Prime Minister Trudeau arrives in Cambodia for ASEAN summit, Canada seeks deeper Indo-Pacific ties

PHNOM PENH, CAMBODIA—Prime Minister Justin Trudeau has landed in Cambodia for a summit aimed at deepening economic ties with Southeast Asia, a region where Canada’s involvement has been sporadic.

Prime Minister Trudeau is in Phnom Penh for the summit of the Association of Southeast Asian Nations, a bloc of 10 countries containing the world’s fastest growing economies.

His first day will include commemorative events to mark Canada’s 45-year relationship with ASEAN, as well as the group negotiating a free trade agreement with Canada.

The visit comes at a time when Canada seeks to forge closer ties with Asian nations and find an alternative to China’s growing assertiveness. Her ASEAN as a bloc has already become Canada’s sixth largest trading partner.

The majority of ASEAN’s population is under the age of 30, fueled by a growing middle class in countries such as Indonesia and Thailand, and cheap labor as companies move jobs from China to places such as Vietnam and the Philippines.

As for Cambodia, Canada is one of its largest trading partners, with bilateral trade reaching $1.82 billion last year. About 98% of that was related to goods such as clothing and footwear that Cambodia sold to Canada, while Canadian goods such as auto parts and artificial fur were just her $38.5 million.

Despite a limited diplomatic presence, trade between the two countries has soared. In 2009, the Harper administration closed the Canadian Embassy in Phnom Penh and downgraded it to a consulate. At the time, Ottawa said it would “seriously consider Canada’s current diplomatic representation abroad,” but many chalked up the move to budget cuts.

Wayne Farmer, president of the Canada-ASEAN Business Council, said Ottawa is just one example of lagging behind the United States, Australia, the United Kingdom and France in establishing strong trade ties with the region.

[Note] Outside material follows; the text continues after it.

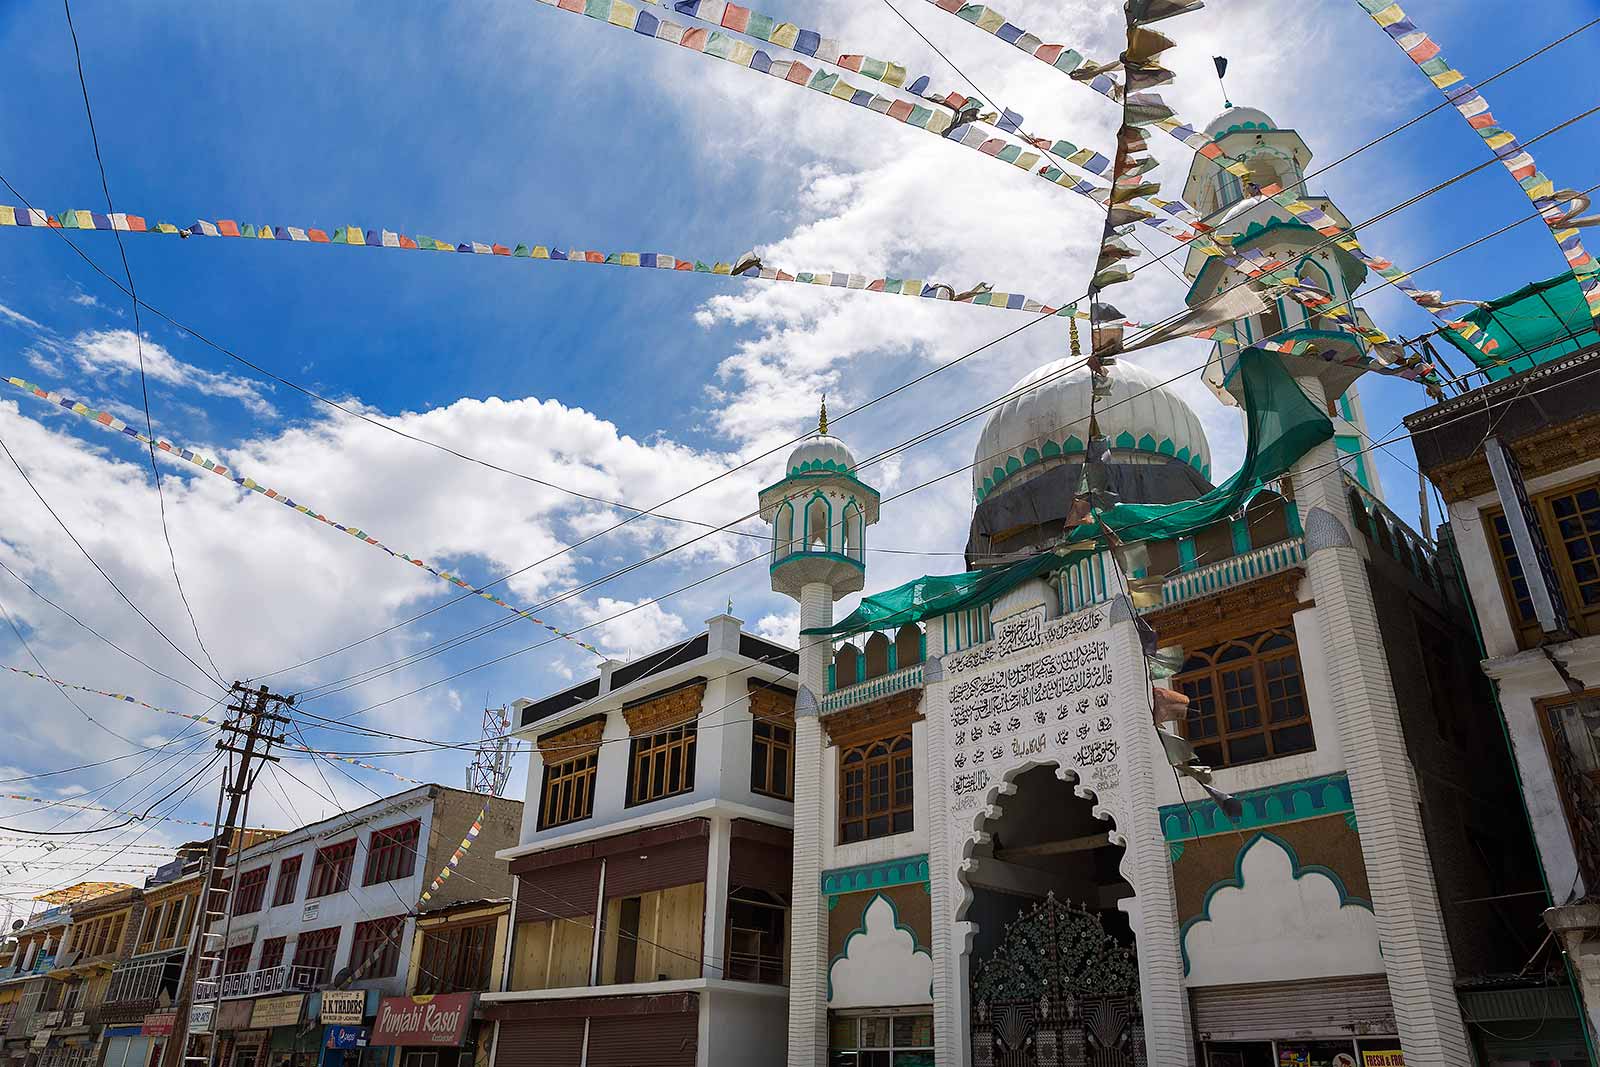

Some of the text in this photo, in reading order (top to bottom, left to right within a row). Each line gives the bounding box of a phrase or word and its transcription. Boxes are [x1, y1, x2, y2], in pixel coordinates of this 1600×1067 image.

[322, 1000, 362, 1013] A K TRADERS
[379, 1005, 423, 1036] Punjabi
[1366, 1054, 1405, 1066] FRESH & FRO

“It’s the farthest part of the world from Canada. Farther than Africa, farther than North Asia, farther than Europe. It’s not all that surprising that we’re latecomers,” Farmer said.

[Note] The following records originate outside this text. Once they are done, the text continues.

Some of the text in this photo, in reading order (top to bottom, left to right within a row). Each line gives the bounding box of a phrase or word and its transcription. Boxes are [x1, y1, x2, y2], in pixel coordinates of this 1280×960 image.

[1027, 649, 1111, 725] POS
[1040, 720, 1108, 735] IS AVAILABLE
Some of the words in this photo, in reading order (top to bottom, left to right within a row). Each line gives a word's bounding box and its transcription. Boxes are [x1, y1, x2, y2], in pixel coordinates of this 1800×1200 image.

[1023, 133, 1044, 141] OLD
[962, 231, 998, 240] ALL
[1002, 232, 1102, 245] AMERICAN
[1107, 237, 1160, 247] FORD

“But in today’s world of communications and transportation, that’s no excuse either.”

Farmer said Canada had a strong presence in ASEAN countries as a major aid partner decades ago during the post-colonial era of the 1960s.

Canada is still famous in the region for playing a leading role in the global effort to clear landmines in the 1990s.

Yet just as some countries crossed the threshold of being considered developed and began to become economic heavyweights, Canada withdrew from the region.

“We’ve had a reputation as Fairweather’s friends at the end of the day in and out of the market, and doing some weird stuff,” said the Singapore-based Farmer.

“It would have been a natural progression to move from helping development to developing the business.”

Still, the Canadian private sector has a growing presence in the region, with Canadian pension funds investing across the region. Insurance companies such as Manulife and Sun Life are common names in her ASEAN countries such as the Philippines. His one of Cambodia’s largest banks, ABA, is owned by the Montreal-based National Bank.

Farmer claims Ottawa has made those relationships difficult to forge.Canada required visas for business travelers from ASEAN countries and upheld some of the strictest COVID-19 travel rules .

Farmer says Ottawa is at risk of losing students to places like Australia, with immigration backlogs delaying student visas, including those who were halfway through their degrees in Canada.